┌─ LISTED ENTRIES
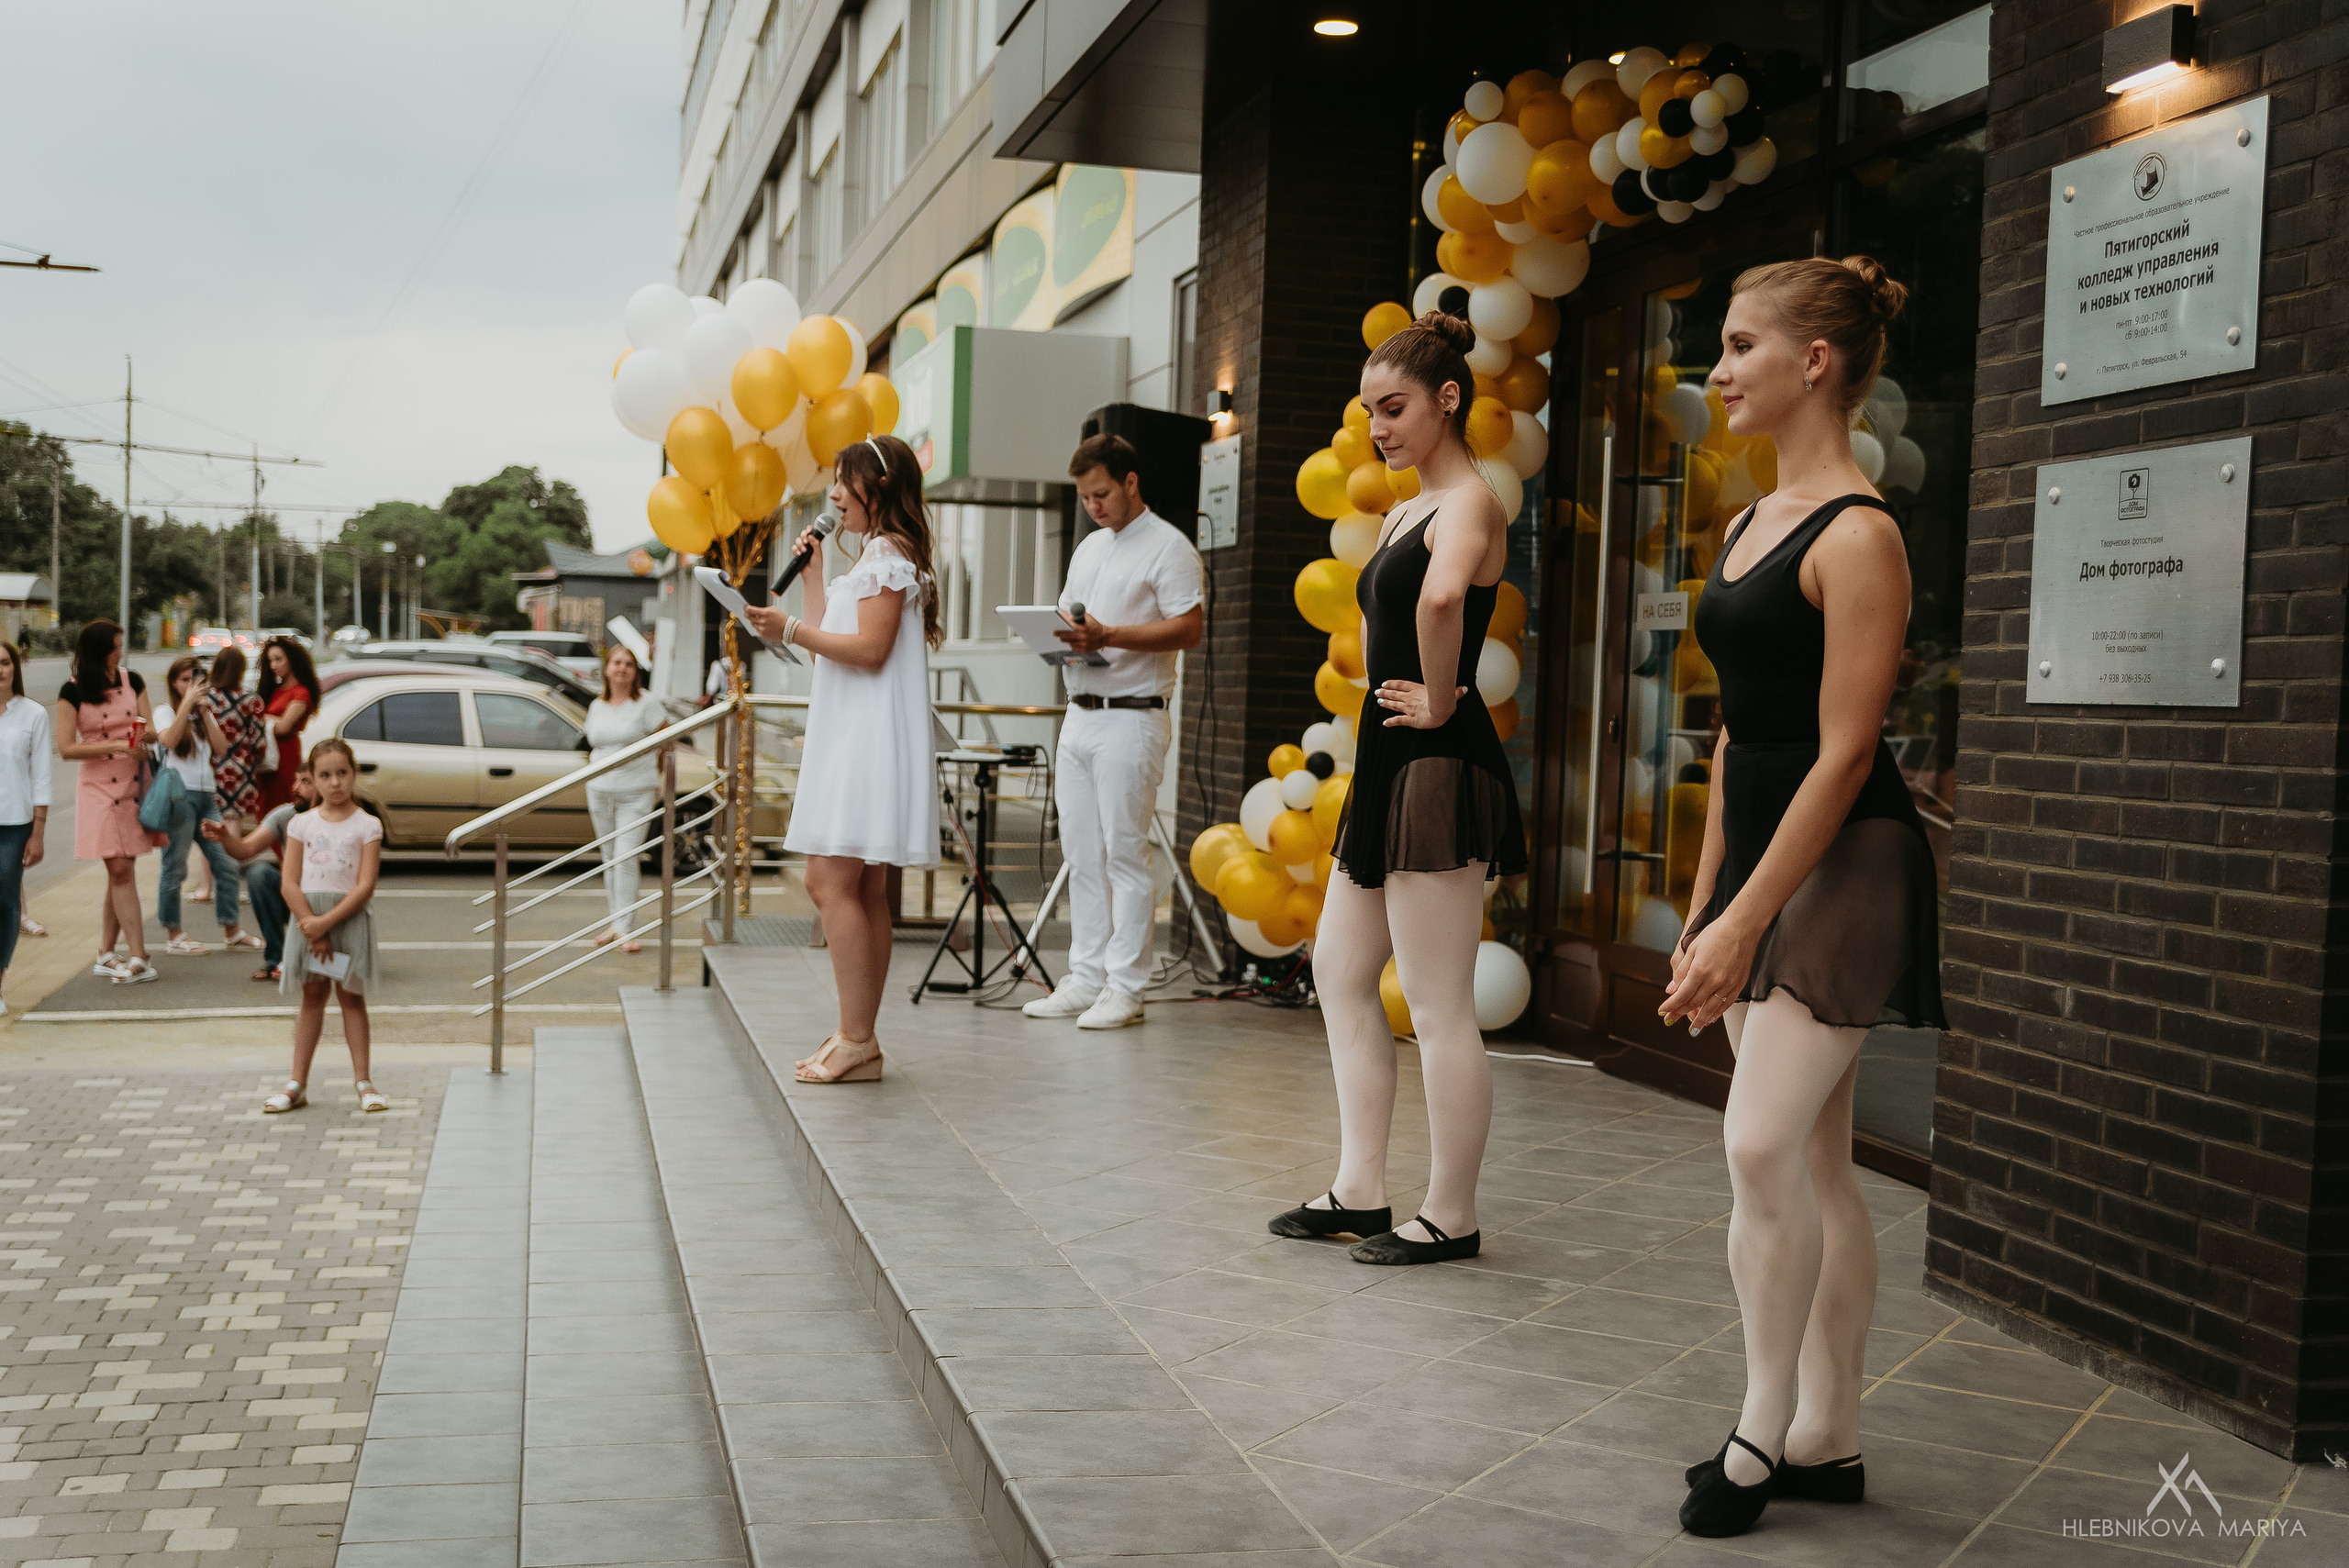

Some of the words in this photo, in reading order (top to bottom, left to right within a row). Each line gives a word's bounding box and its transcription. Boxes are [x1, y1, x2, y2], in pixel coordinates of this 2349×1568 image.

[2074, 227, 2094, 239] Частное
[2095, 213, 2144, 234] профессиональное
[2145, 197, 2193, 218] образовательное
[2194, 187, 2231, 206] учреждение
[2104, 218, 2190, 258] Пятигорский
[2077, 263, 2133, 290] колледж
[2137, 241, 2219, 280] управления
[2079, 300, 2087, 314] и
[2090, 290, 2131, 312] новых
[2134, 264, 2214, 301] технологий
[2115, 319, 2132, 329] пн-пт
[2134, 309, 2168, 326] 9:00-17:00
[2124, 330, 2132, 340] сб
[2134, 323, 2167, 339] 9:00-14:00
[2101, 362, 2130, 373] Пятигорск,
[2131, 361, 2140, 370] ул.
[2141, 352, 2178, 367] Февральская,
[2179, 350, 2188, 360] 54
[2100, 539, 2131, 549] Творческая
[2131, 536, 2164, 547] фотостудия
[2079, 562, 2105, 582] Дом
[2109, 555, 2183, 581] фотографа
[1643, 605, 1653, 617] НА
[1657, 602, 1681, 618] СЕБЯ
[2092, 630, 2126, 640] 10:00-22:00
[2128, 630, 2138, 641] (по
[2139, 629, 2164, 640] записи)
[2105, 644, 2116, 653] без
[2117, 645, 2147, 654] выходных
[2099, 674, 2107, 683] +7
[2108, 673, 2120, 684] 938
[2121, 673, 2152, 684] 306-35-25
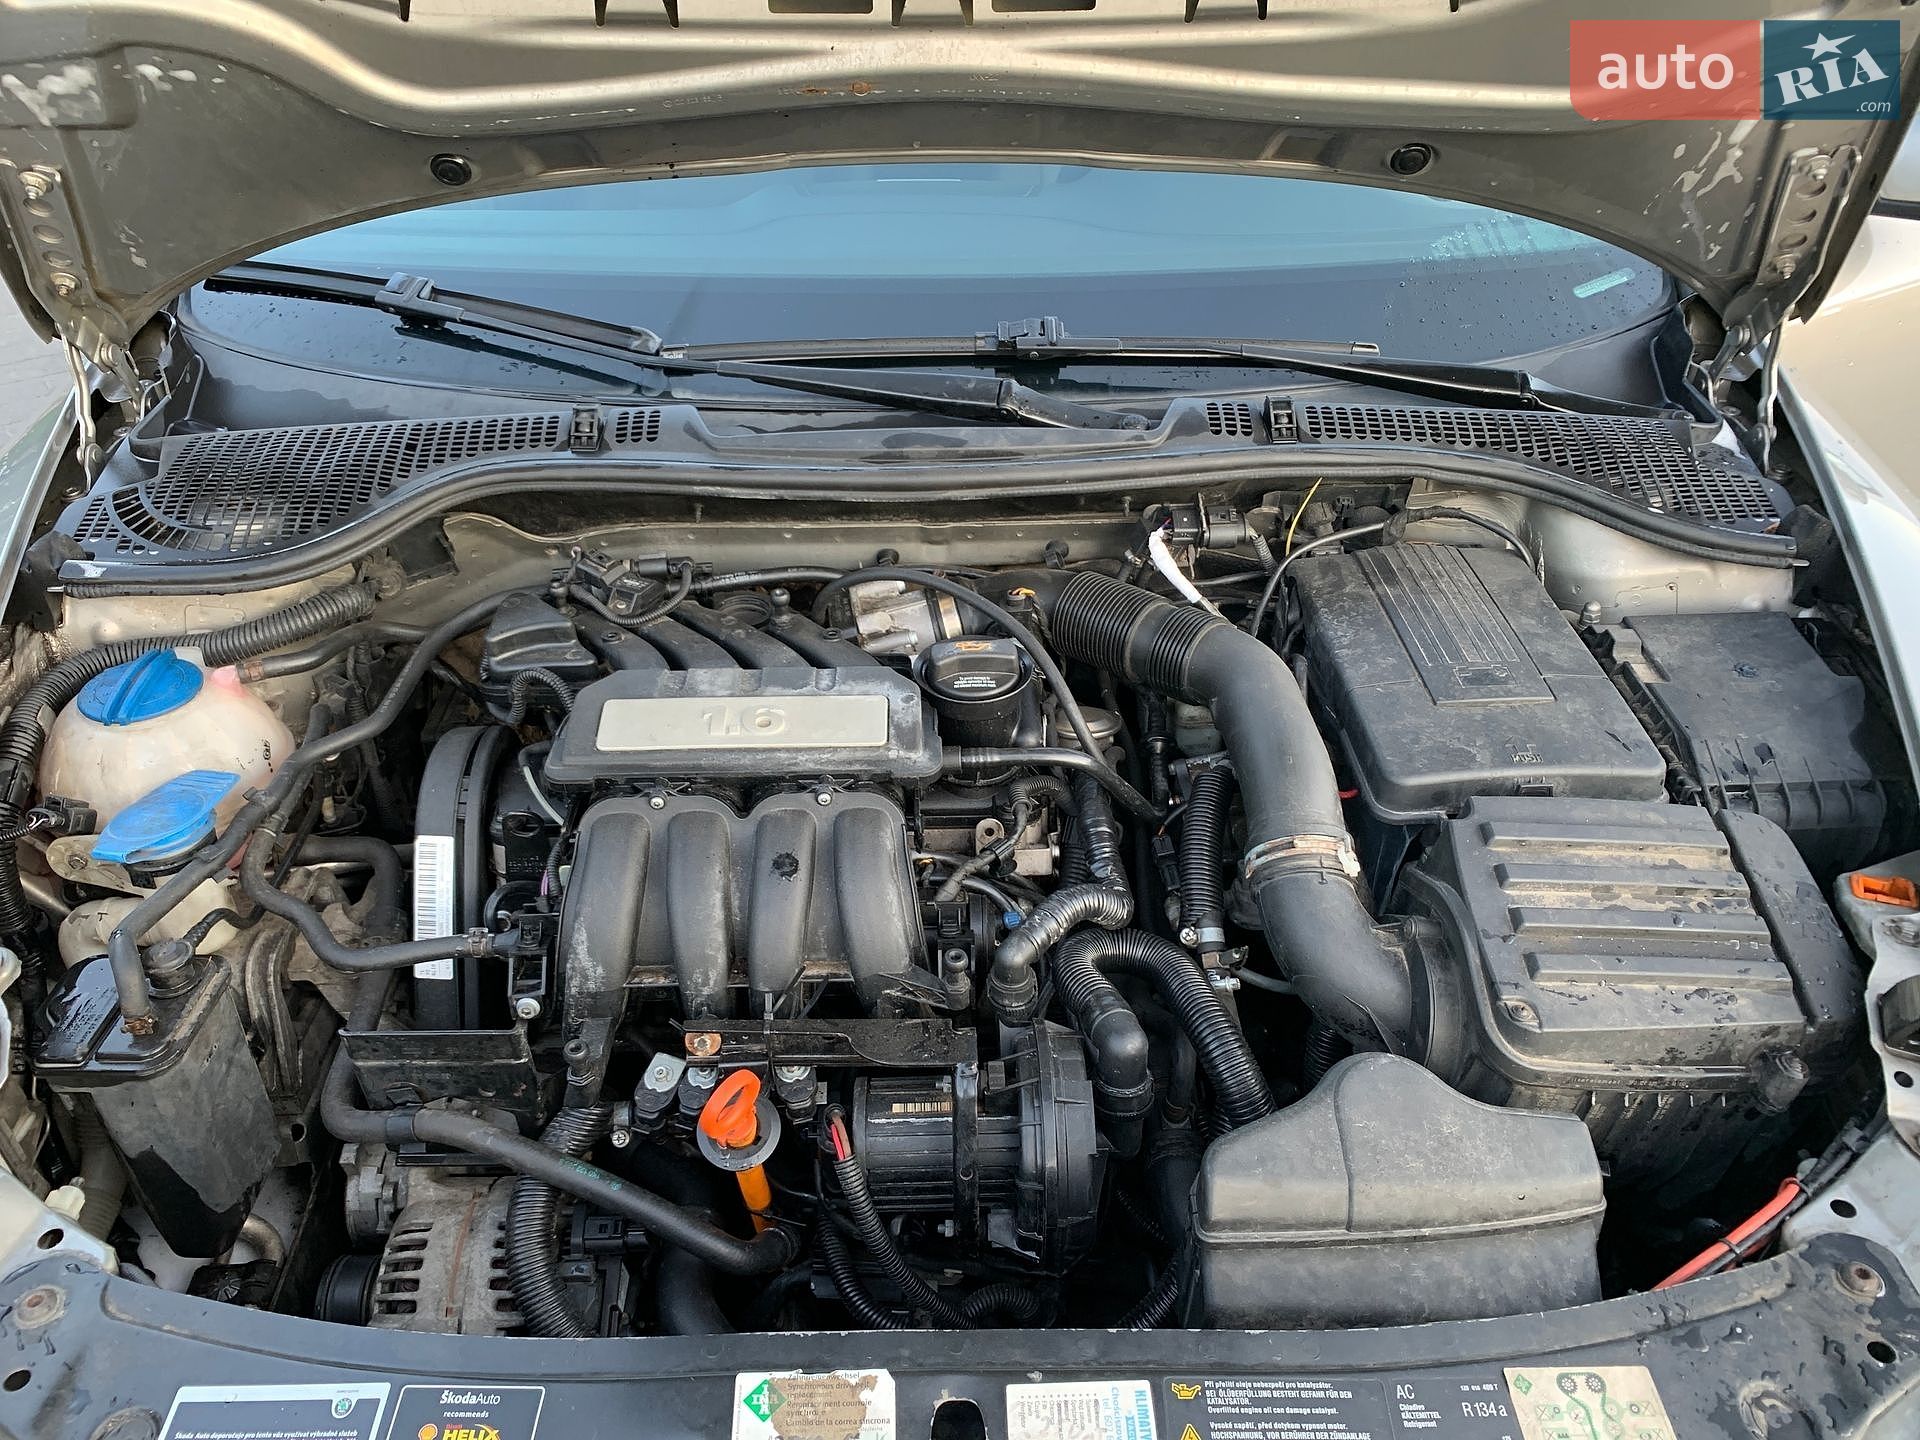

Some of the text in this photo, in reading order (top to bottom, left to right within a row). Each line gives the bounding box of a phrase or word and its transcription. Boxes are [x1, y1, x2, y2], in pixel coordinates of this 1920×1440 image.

[702, 704, 786, 736] 1.6
[1396, 1384, 1415, 1400] AC
[443, 1410, 489, 1418] recommends
└─
◆ **PROMPT**
The listing above is to be set down word for word, without its images.

◆ **ANSWER SPACE**
Some of the words in this photo, in reading order (top to bottom, left to right within a row). Each line gives a word's bounding box and its transcription. Boxes are [x1, y1, x2, y2], in pixel coordinates of this 2349×1568 image.

[2074, 227, 2094, 239] Частное
[2095, 213, 2144, 234] профессиональное
[2145, 197, 2193, 218] образовательное
[2194, 187, 2231, 206] учреждение
[2104, 218, 2190, 258] Пятигорский
[2077, 263, 2133, 290] колледж
[2137, 241, 2219, 280] управления
[2079, 300, 2087, 314] и
[2090, 290, 2131, 312] новых
[2134, 264, 2214, 301] технологий
[2115, 319, 2132, 329] пн-пт
[2134, 309, 2168, 326] 9:00-17:00
[2124, 330, 2132, 340] сб
[2134, 323, 2167, 339] 9:00-14:00
[2101, 362, 2130, 373] Пятигорск,
[2131, 361, 2140, 370] ул.
[2141, 352, 2178, 367] Февральская,
[2179, 350, 2188, 360] 54
[2100, 539, 2131, 549] Творческая
[2131, 536, 2164, 547] фотостудия
[2079, 562, 2105, 582] Дом
[2109, 555, 2183, 581] фотографа
[1643, 605, 1653, 617] НА
[1657, 602, 1681, 618] СЕБЯ
[2092, 630, 2126, 640] 10:00-22:00
[2128, 630, 2138, 641] (по
[2139, 629, 2164, 640] записи)
[2105, 644, 2116, 653] без
[2117, 645, 2147, 654] выходных
[2099, 674, 2107, 683] +7
[2108, 673, 2120, 684] 938
[2121, 673, 2152, 684] 306-35-25

Some of the text in this photo, in reading order (top to bottom, left to right within a row). Each line gives the bounding box of a phrase or word and its transcription. Boxes are [x1, y1, x2, y2], in pixel coordinates of this 1920×1440 image.

[702, 704, 786, 736] 1.6
[1396, 1384, 1415, 1400] AC
[443, 1410, 489, 1418] recommends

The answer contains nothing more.